Artiste allemand né en 1945, Kiefer est l’un des peintres les plus en vue de sa génération. Ses œuvres, qui se veulent comme des rappels au passé nazi et fasciste européen, comme des protestations contre l’oubli, auront fait l’objet de réception très différente selon les pays : décriées en Allemagne, elles seront adorées aux États-Unis. Wim Wenders nous mène alors à la rencontre de l’artiste, à sa manière.
Archives, reportages d’époque, mise en scène de plusieurs périodes du passé d’Anselm, filmage documentaire de son travail au présent, etc. : le long-métrage fait interagir des contenus visuels ou sonores aux statuts très différents, mélange le mode du documentaire à celui de la fiction, le tout en n’étant pas chronologique. Bien loin de vouloir dresser et réciter la liste des faits marquants du parcours d’Anselm, Wenders s’attelle plutôt à la construction d’un dispositif complexe : il crée un monde, un langage traduisant « en cinéma » la vie et l’œuvre de l’artiste, dans lequel il nous immerge pour nous faire ressentir plutôt que d’avoir à nous dire.
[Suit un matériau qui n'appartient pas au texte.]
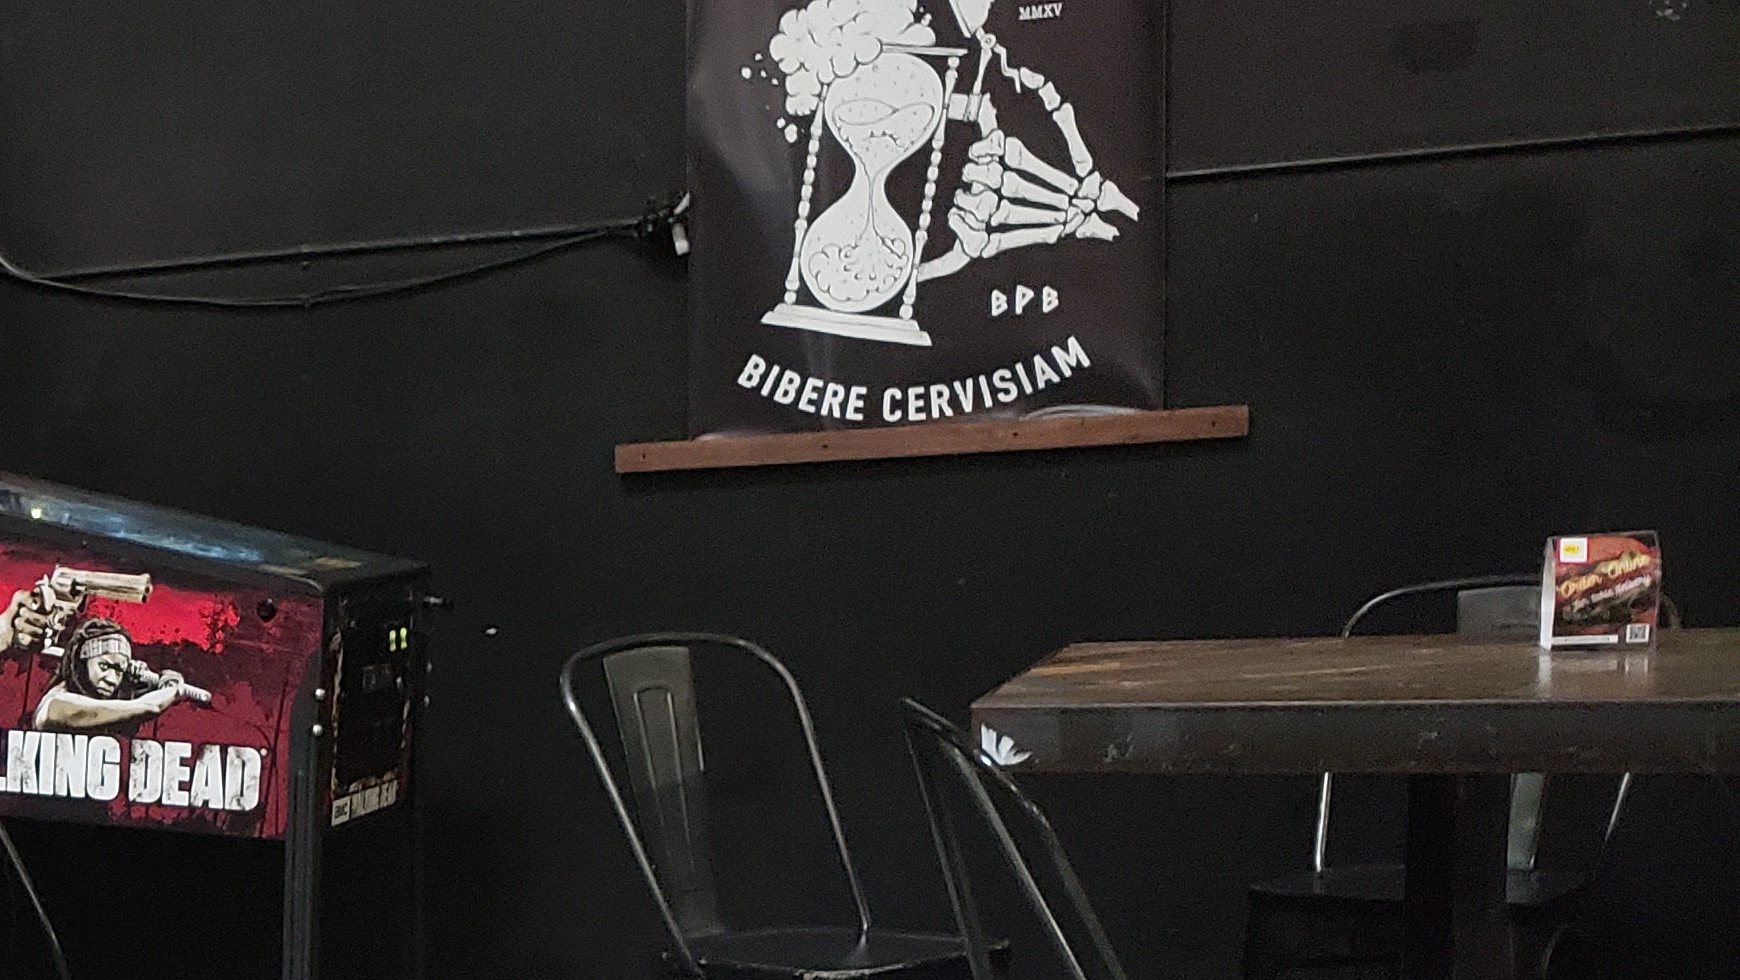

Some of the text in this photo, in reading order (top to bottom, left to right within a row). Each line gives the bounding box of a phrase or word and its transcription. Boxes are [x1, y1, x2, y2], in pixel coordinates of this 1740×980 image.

[1018, 2, 1063, 21] MMXV
[737, 335, 1092, 423] BIBERE CERVISIAM
[128, 737, 262, 812] DEAD
Dans ce langage, c’est toute la maestria esthétique et formelle du réalisateur allemand qui transparaît : il parvient à faire un ensemble cohérent, fluide et beau, de la grande diversité d’éléments hétérogènes avec lesquels il compose. C’est alors dans une ambiance tout à fait singulière que le long-métrage nous plonge : onirique, flottante, hors du temps, parcourue de mystérieux symboles. Le fait que le film ait été pensé et soit projeté en 3D, mais aussi le travail minutieux sur la spatialisation du son, participent à renforcer cette dimension immersive.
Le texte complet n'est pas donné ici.